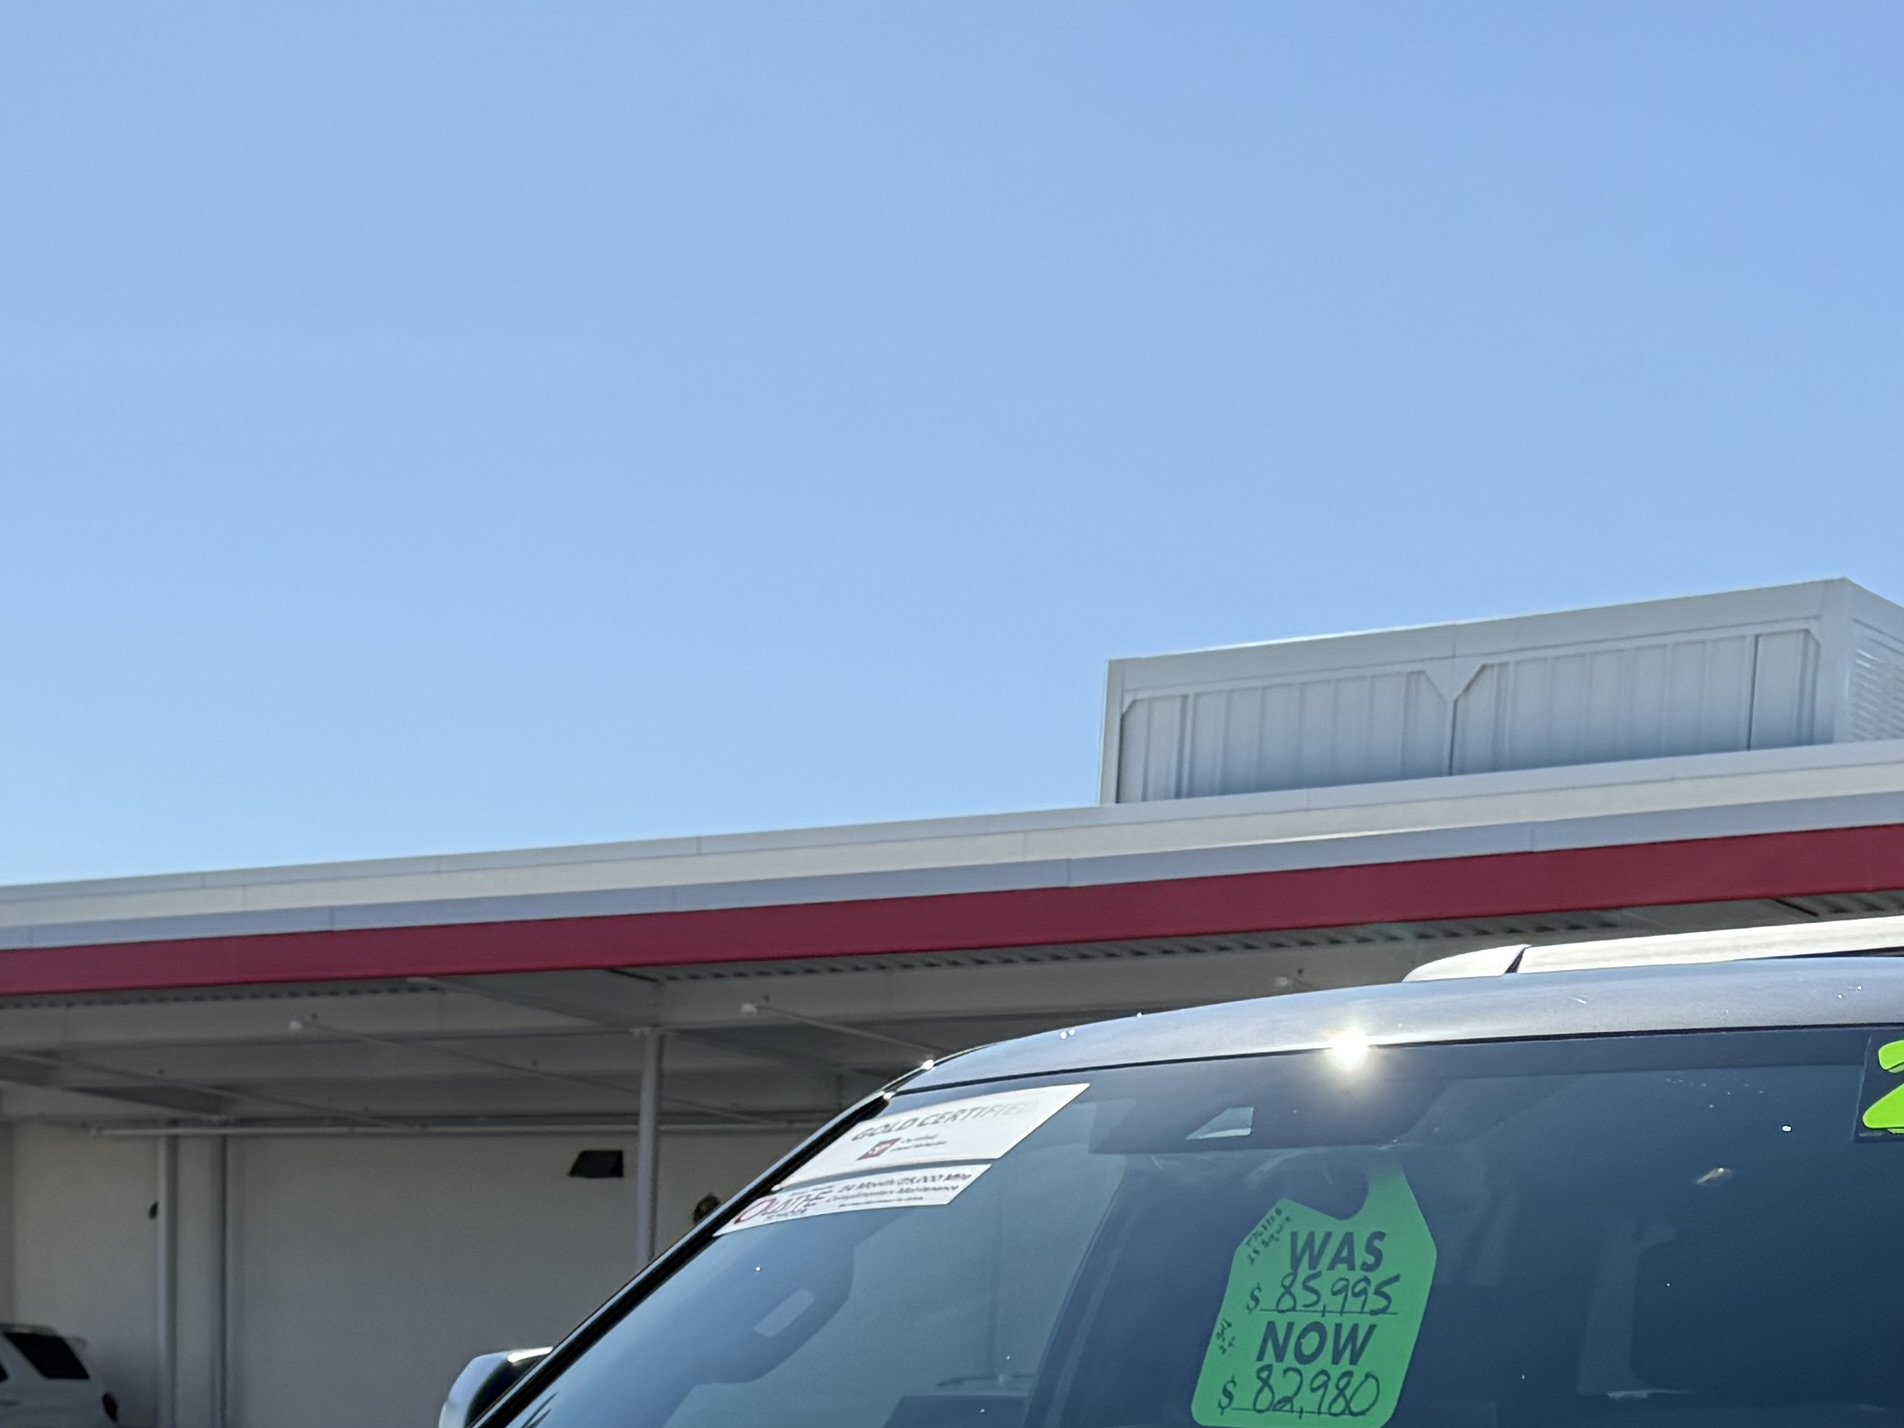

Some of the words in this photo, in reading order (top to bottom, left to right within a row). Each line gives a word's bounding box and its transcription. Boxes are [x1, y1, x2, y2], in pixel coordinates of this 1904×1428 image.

[1288, 1230, 1388, 1273] WAS
[1275, 1270, 1401, 1318] 85,995
[1256, 1320, 1378, 1366] NOW
[1252, 1363, 1381, 1421] 82,980
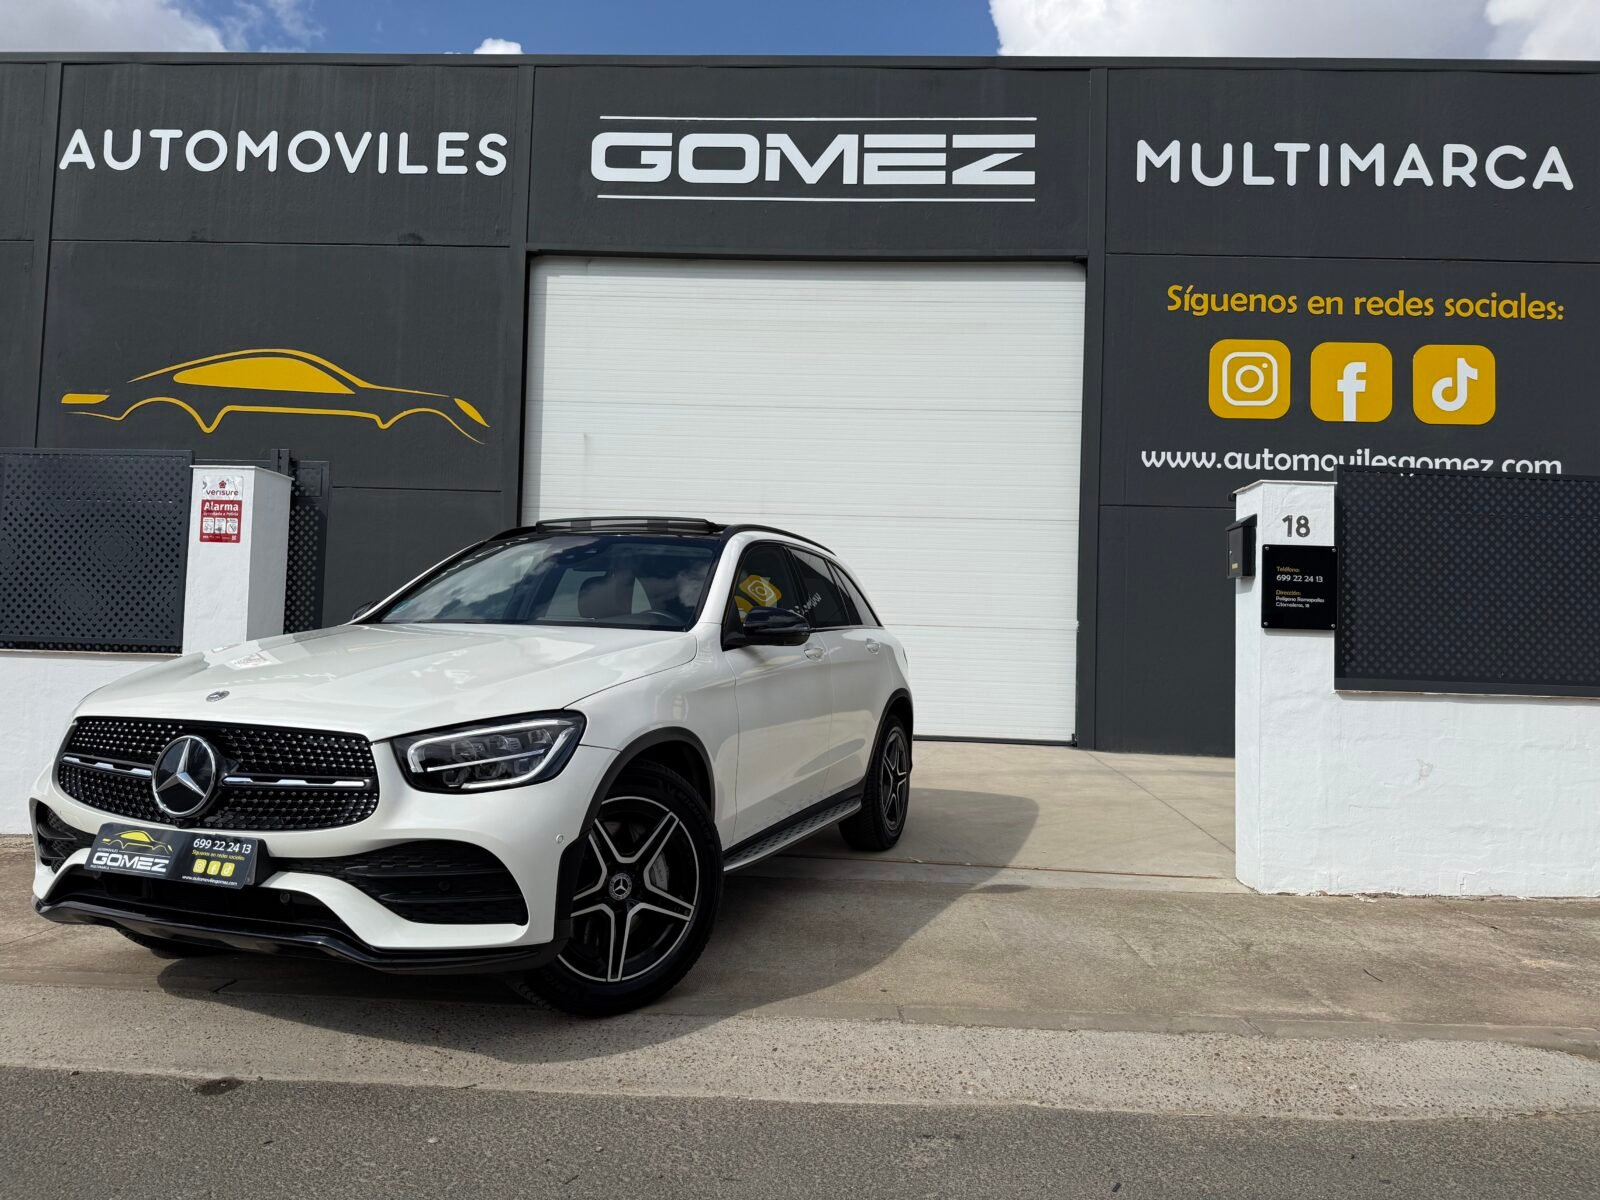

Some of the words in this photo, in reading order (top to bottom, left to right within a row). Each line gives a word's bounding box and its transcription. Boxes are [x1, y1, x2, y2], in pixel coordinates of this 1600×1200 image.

[59, 128, 508, 177] AUTOMOVILES
[591, 131, 1036, 185] GOMEZ
[1136, 139, 1574, 191] MULTIMARCA
[1167, 284, 1298, 317] Síguenos
[1307, 297, 1345, 316] en
[1354, 290, 1435, 318] redes
[1444, 292, 1565, 321] sociales:
[1141, 448, 1562, 476] www.automovilesgomezcom
[204, 502, 239, 511] Alarma
[1282, 515, 1310, 538] 18
[1276, 574, 1291, 582] 699
[1304, 575, 1314, 583] 24
[193, 838, 212, 849] 699
[213, 840, 226, 851] 22
[227, 842, 240, 853] 24
[241, 844, 252, 854] 13
[92, 852, 170, 873] GOMEZ
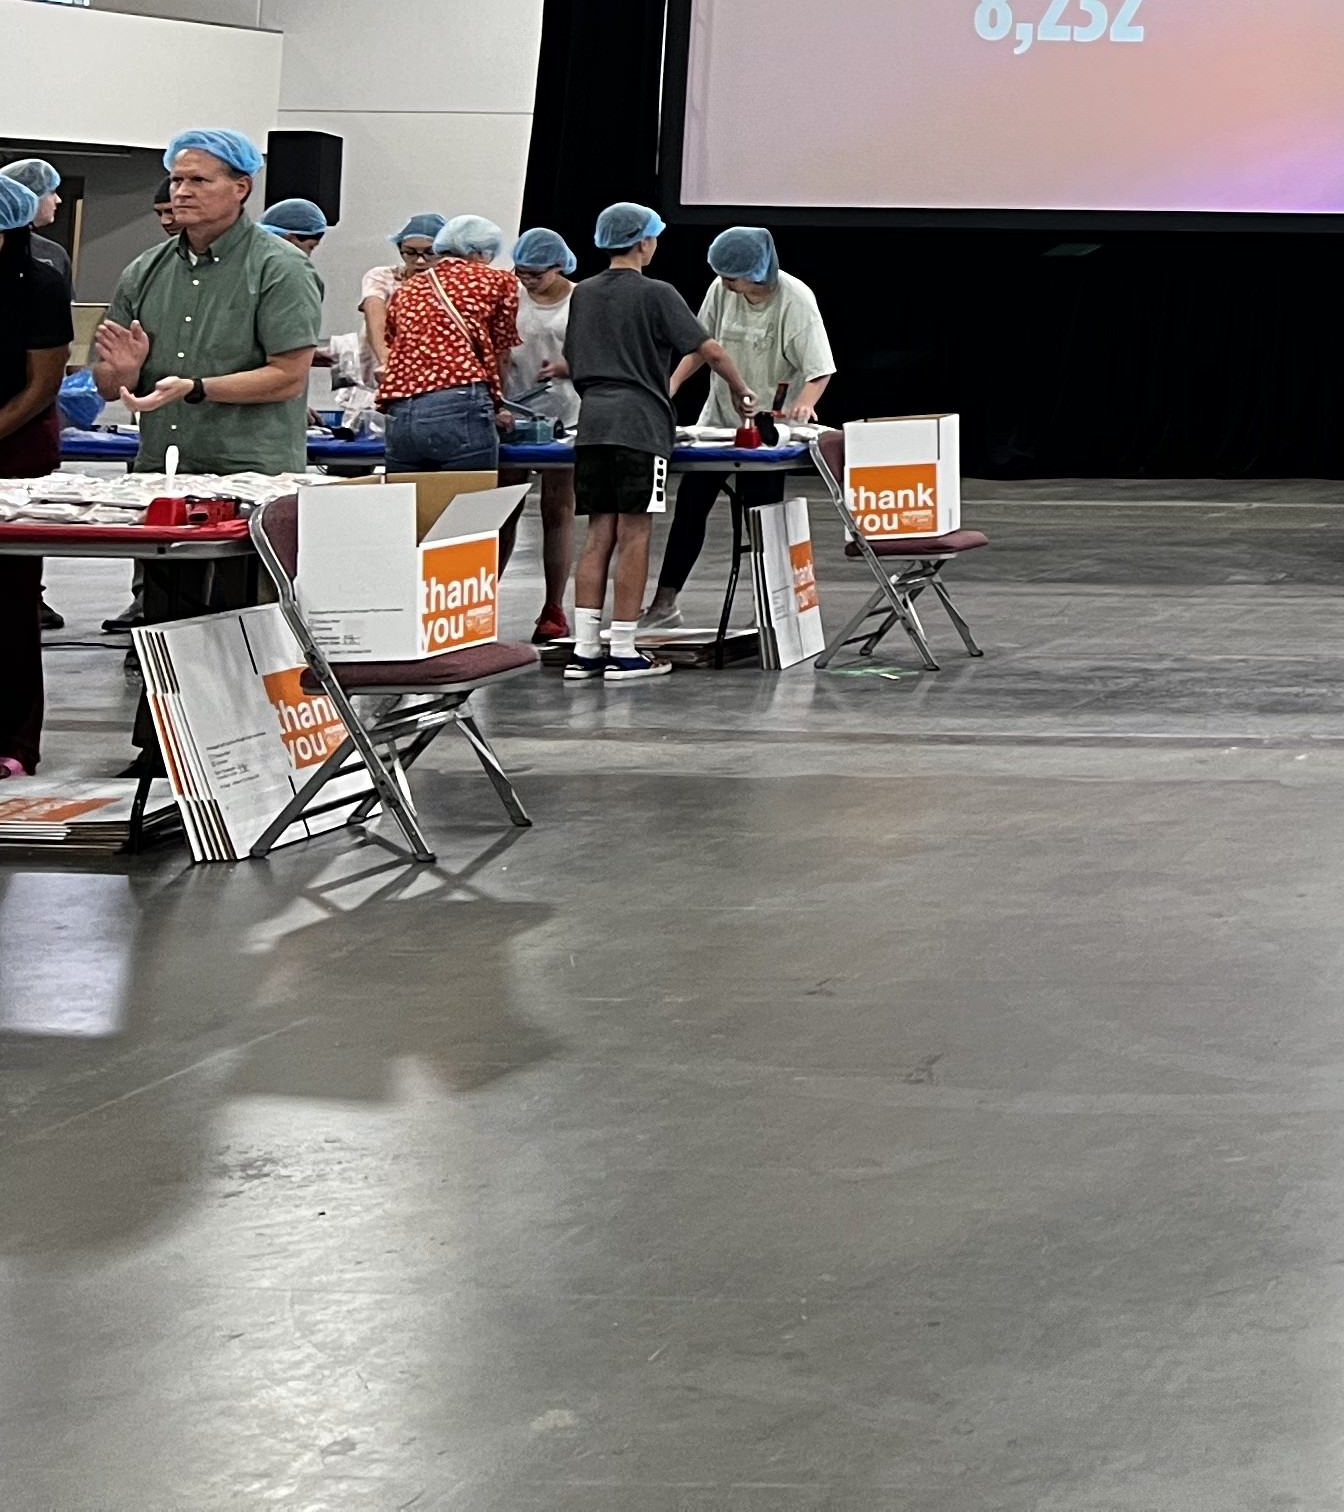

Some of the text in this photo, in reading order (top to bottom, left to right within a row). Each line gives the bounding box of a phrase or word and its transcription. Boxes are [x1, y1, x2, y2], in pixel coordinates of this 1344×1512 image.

--- PROMPT ---
No pictures should appear in the copy; write out exactly the lines from the one containing "this 1600×1200 image." through the end of the material.

--- TASK ANSWER ---
Some of the words in this photo, in reading order (top to bottom, left to right within a row). Each line gives a word's bounding box and its transcription. Boxes are [x1, y1, x2, y2], in pixel coordinates of this 1600×1200 image.

[59, 128, 508, 177] AUTOMOVILES
[591, 131, 1036, 185] GOMEZ
[1136, 139, 1574, 191] MULTIMARCA
[1167, 284, 1298, 317] Síguenos
[1307, 297, 1345, 316] en
[1354, 290, 1435, 318] redes
[1444, 292, 1565, 321] sociales:
[1141, 448, 1562, 476] www.automovilesgomezcom
[204, 502, 239, 511] Alarma
[1282, 515, 1310, 538] 18
[1276, 574, 1291, 582] 699
[1304, 575, 1314, 583] 24
[193, 838, 212, 849] 699
[213, 840, 226, 851] 22
[227, 842, 240, 853] 24
[241, 844, 252, 854] 13
[92, 852, 170, 873] GOMEZ

Some of the text in this photo, in reading order (top to bottom, left to right within a row). Each line gives the bounding box of a phrase or word and its transcription. Boxes are [x1, y1, x2, y2], in pixel coordinates of this 1344×1512 image.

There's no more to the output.